ABOUT THIS TASK:
In the data below, find the line with "Some of the text" and output it along with every later line, exactly, but not the pictures.

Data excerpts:
################
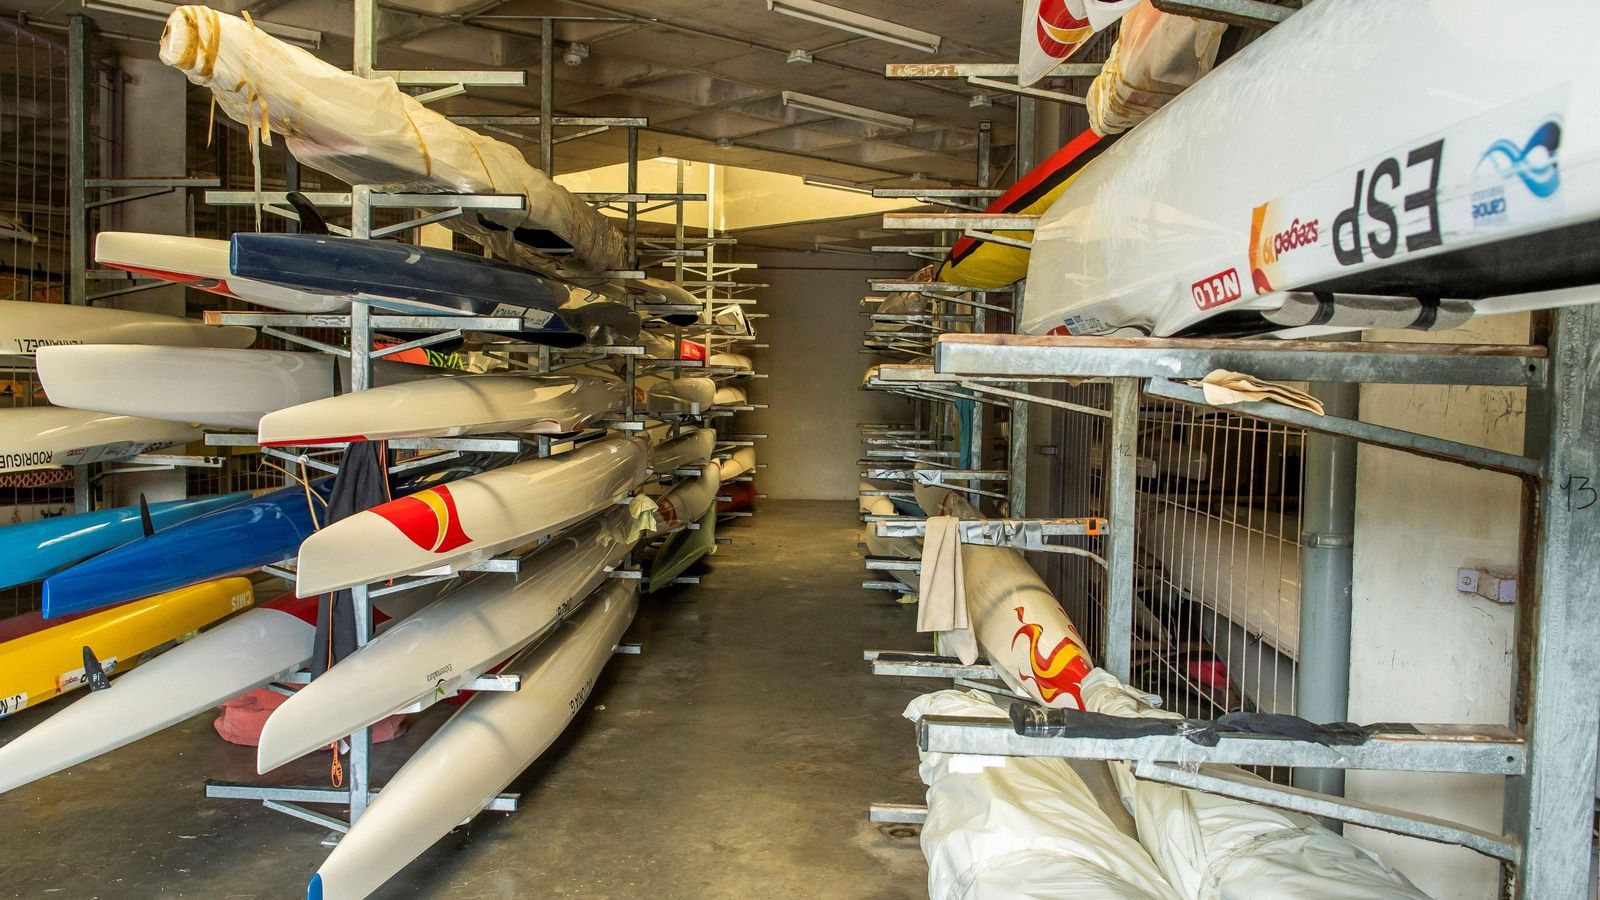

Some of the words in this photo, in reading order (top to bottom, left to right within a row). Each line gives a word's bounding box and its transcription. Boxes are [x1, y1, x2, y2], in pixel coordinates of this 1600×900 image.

[1332, 138, 1445, 267] ESP
[1193, 271, 1240, 307] NELO
[1559, 474, 1598, 512] 13
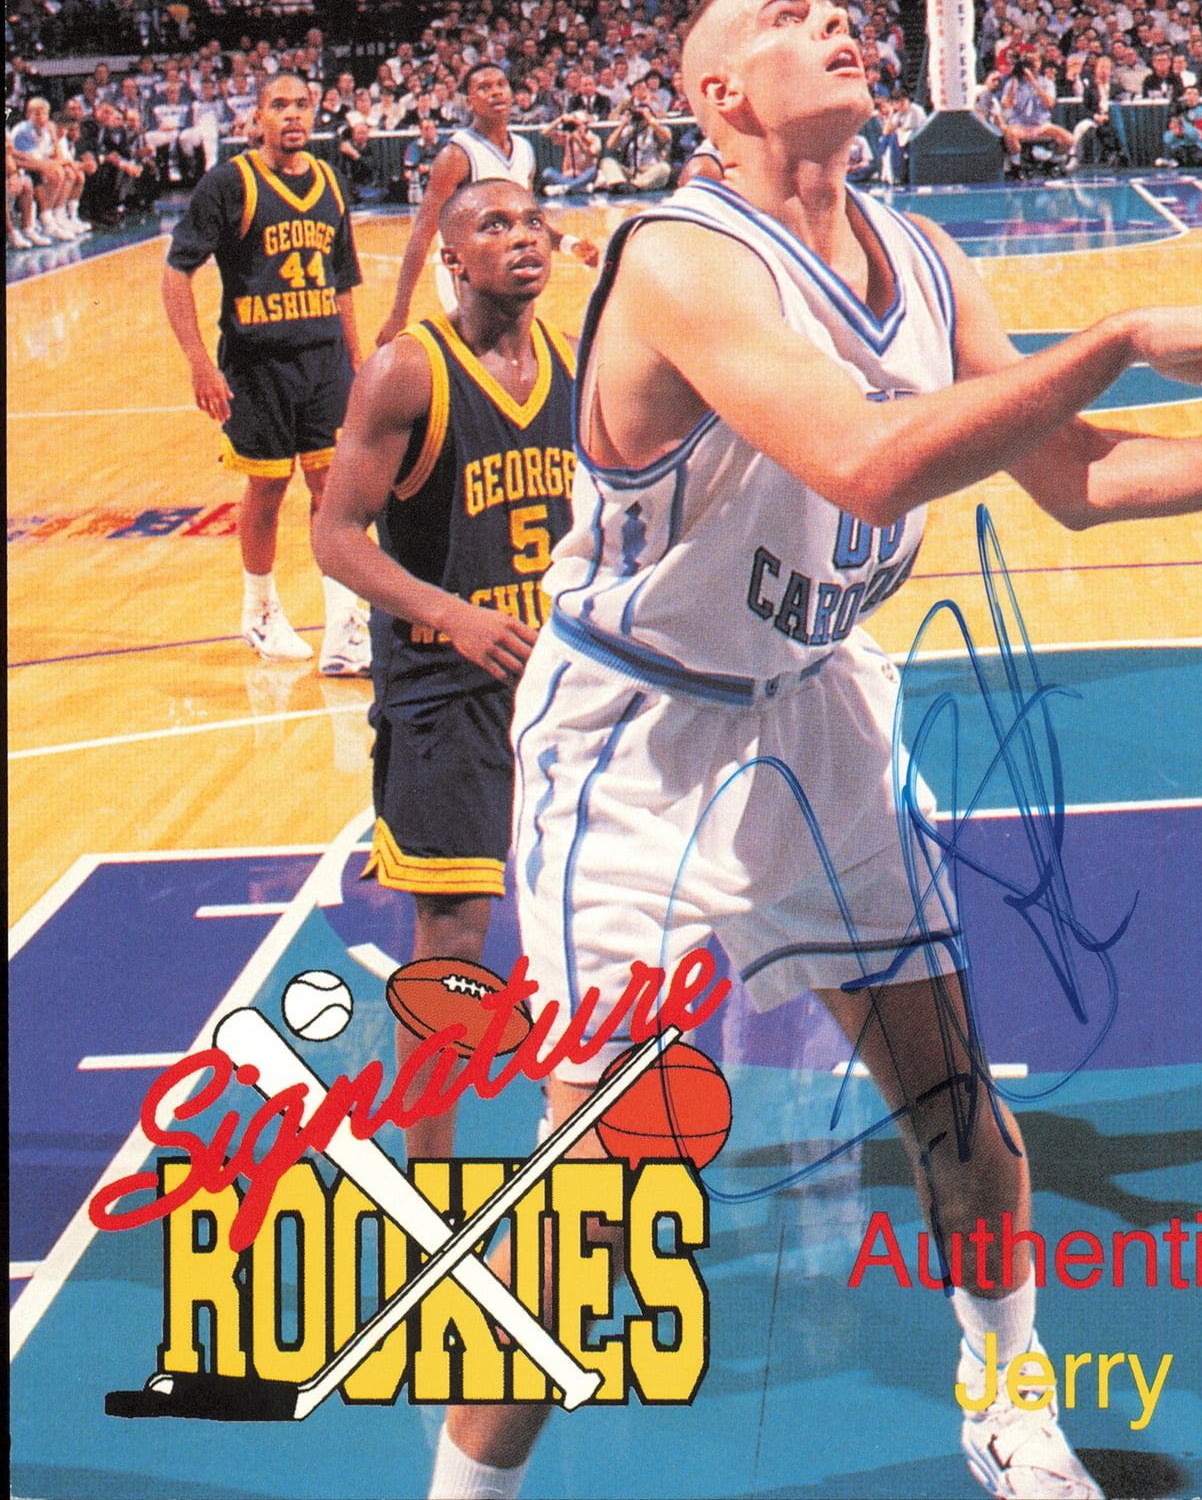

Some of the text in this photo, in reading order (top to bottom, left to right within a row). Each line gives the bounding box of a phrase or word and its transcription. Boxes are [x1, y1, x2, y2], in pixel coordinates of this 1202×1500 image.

[263, 219, 336, 257] GEORGE
[279, 250, 327, 289] 44
[464, 446, 578, 518] GEORGE
[510, 504, 552, 574] 5
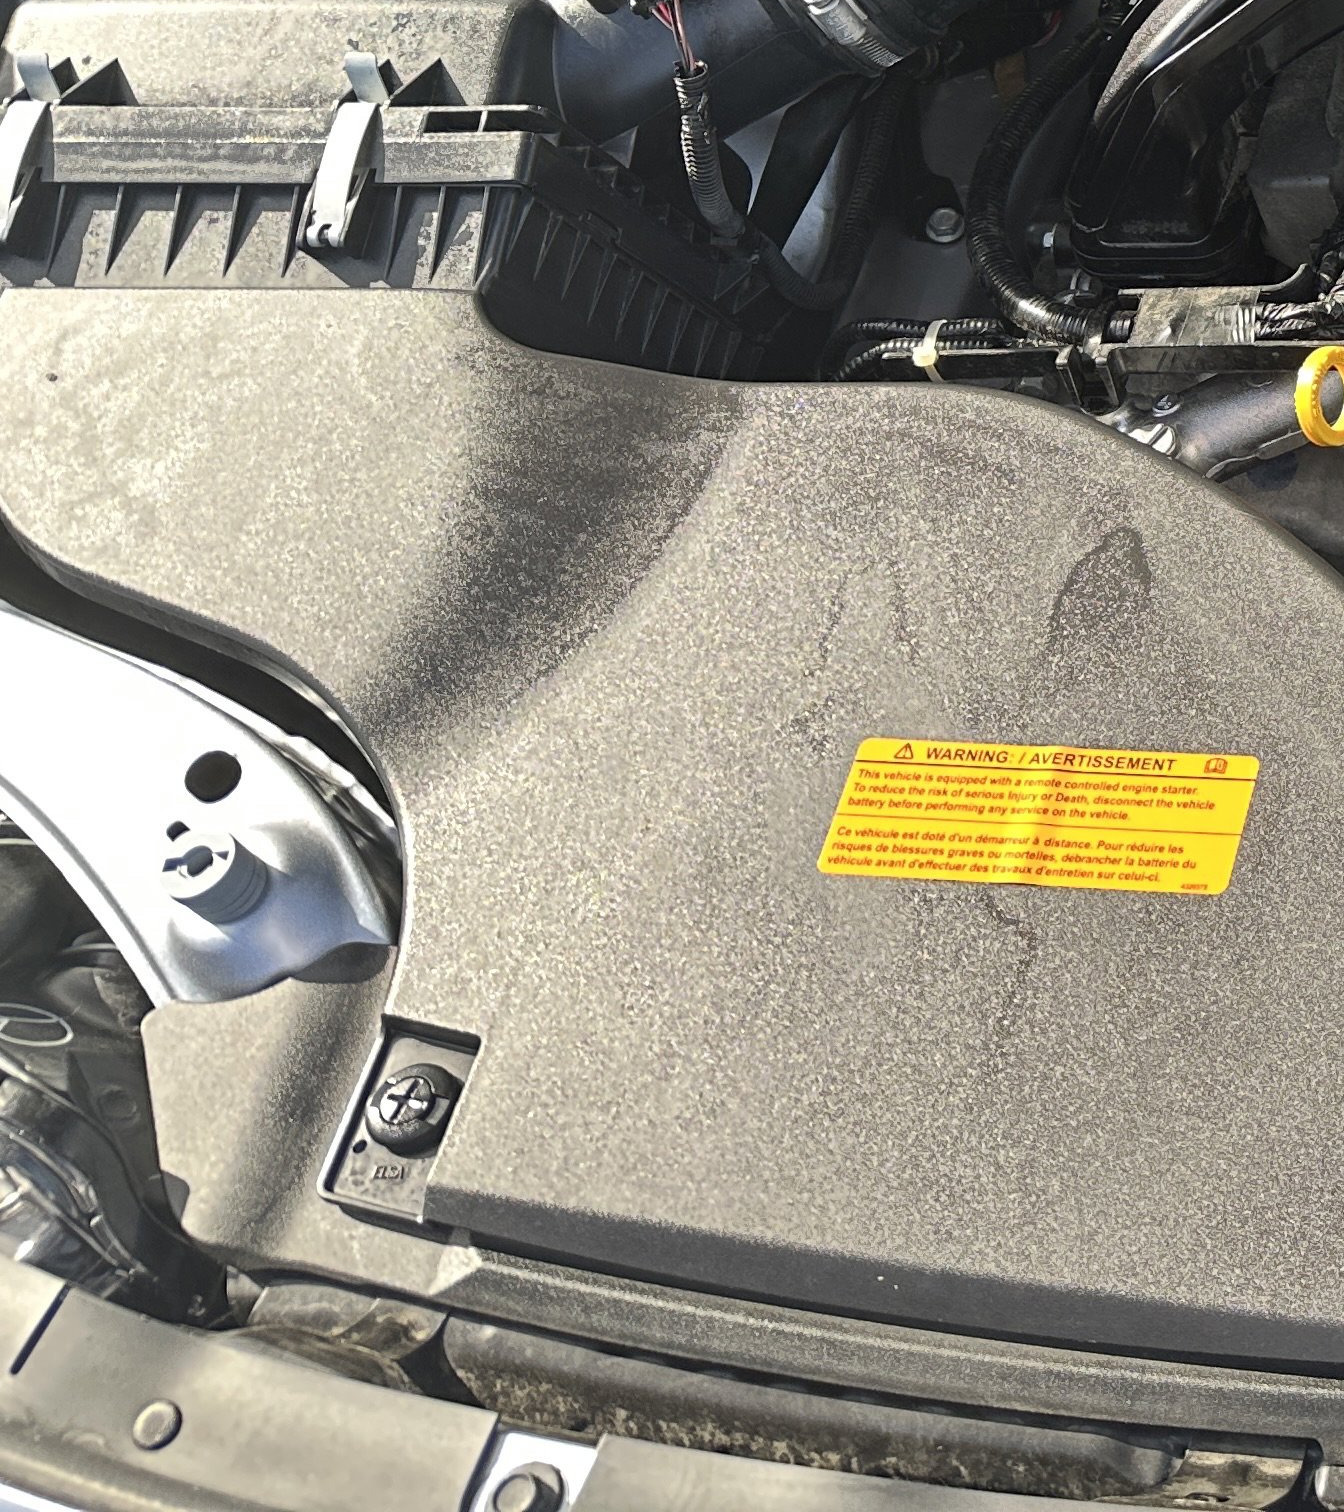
################
YOUR RESPONSE:
Some of the text in this photo, in reading order (top to bottom, left to right within a row). Each line gives the bounding box of a phrase or word and its transcription. Boxes are [x1, y1, x2, y2], in pixel coordinates of this 1202×1500 image.

[263, 219, 336, 257] GEORGE
[279, 250, 327, 289] 44
[464, 446, 578, 518] GEORGE
[510, 504, 552, 574] 5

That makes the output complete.